Published 06/16/2023, 01:34 PM
Updated 06/16/2023, 02:54 PM
© Reuters.

Investing.com -- Crude prices posted their first weekly gain in three, helped by higher refinery demand and a rate cut in China, the world’s number one destination for oil.

Offsetting some of the optimism among oil longs was the continuous reminder by officials at the Federal Reserve that the central bank wasn’t done with its own rate hikes despite a pause in June

Fed projections this week signaled two more hikes of a quarter percentage point each before the year-end.
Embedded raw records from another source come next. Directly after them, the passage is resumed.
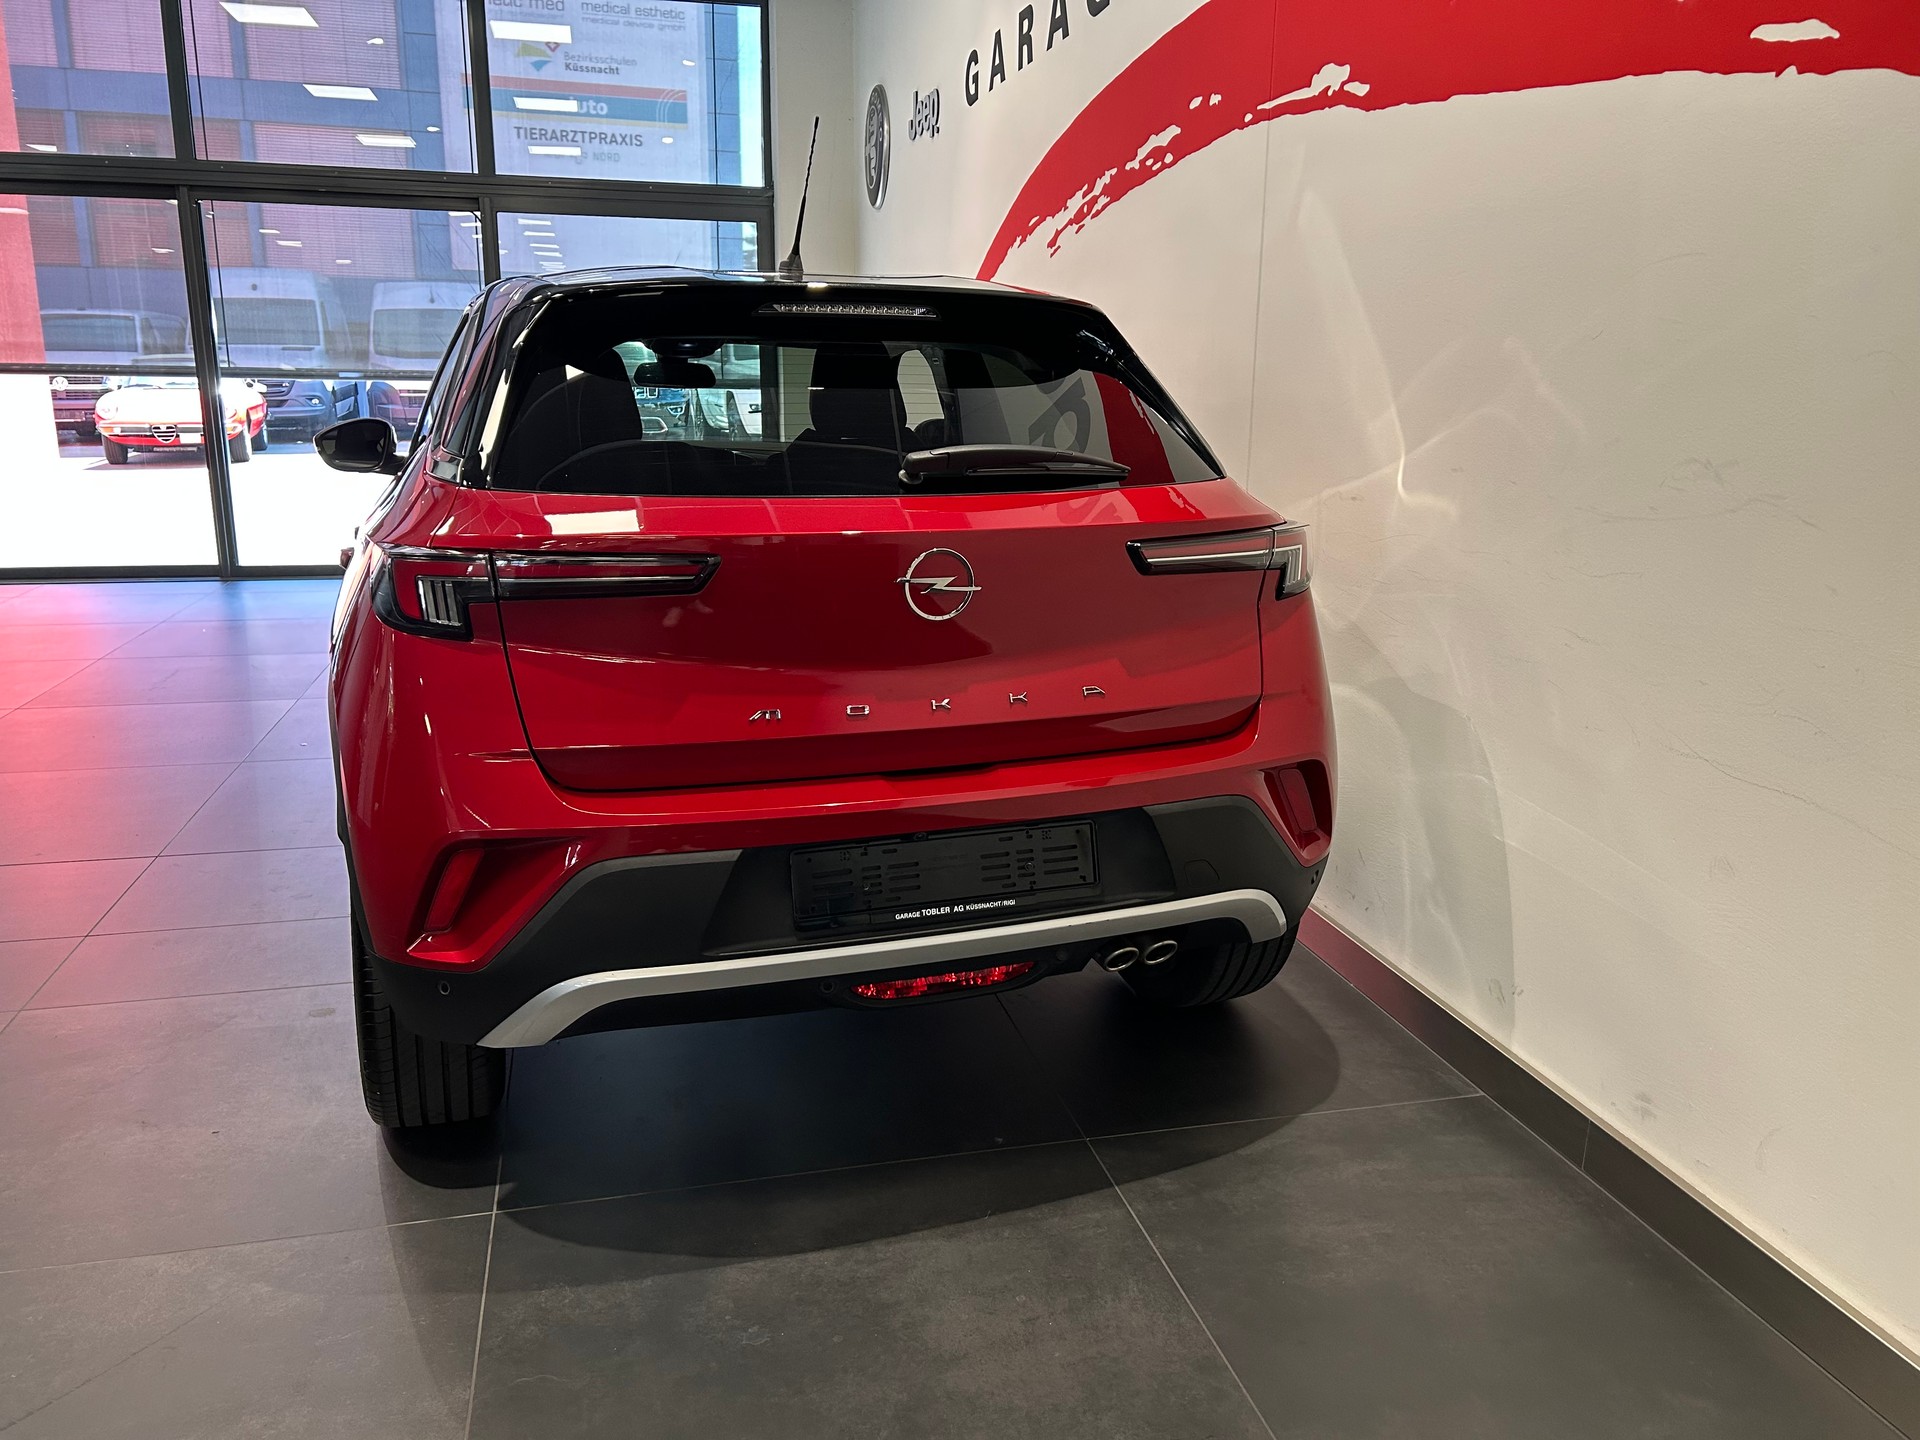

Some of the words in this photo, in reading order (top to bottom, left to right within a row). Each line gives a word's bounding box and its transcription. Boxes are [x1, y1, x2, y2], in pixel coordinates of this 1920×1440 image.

[581, 2, 630, 15] medical
[635, 5, 686, 20] esthetic
[564, 52, 638, 67] Bezirksschulen
[564, 62, 620, 75] Küssnacht
[905, 88, 940, 141] Jeep
[513, 126, 644, 147] TIERARZTPRAXIS
[593, 152, 621, 162] NORD
[749, 685, 1106, 721] MOKKA
[895, 910, 921, 920] GARAGE
[922, 906, 951, 917] TOBLER
[953, 904, 965, 913] AG
[966, 899, 1016, 911] KÜSSNACHT/RIGI
Other major central banks are tightening as well, with the Bank of England eyeing a quarter-point increase of its own, after the European Central Bank ramped up rates to 22-year highs on Thursday.

"We're going to be going from Fed speaker to Fed speaker, and data point to data point," Phil Flynn, analyst at Price Futures Group and a prominent oil bull, said in comments carried by Reuters on Friday.

New York-traded WTI crude settled up $1.16, or 1.6%, at $71.78 per barrel. Week-to-date, the U.S. crude benchmark was up 2.3% after a 3.5% tumble over two prior weeks.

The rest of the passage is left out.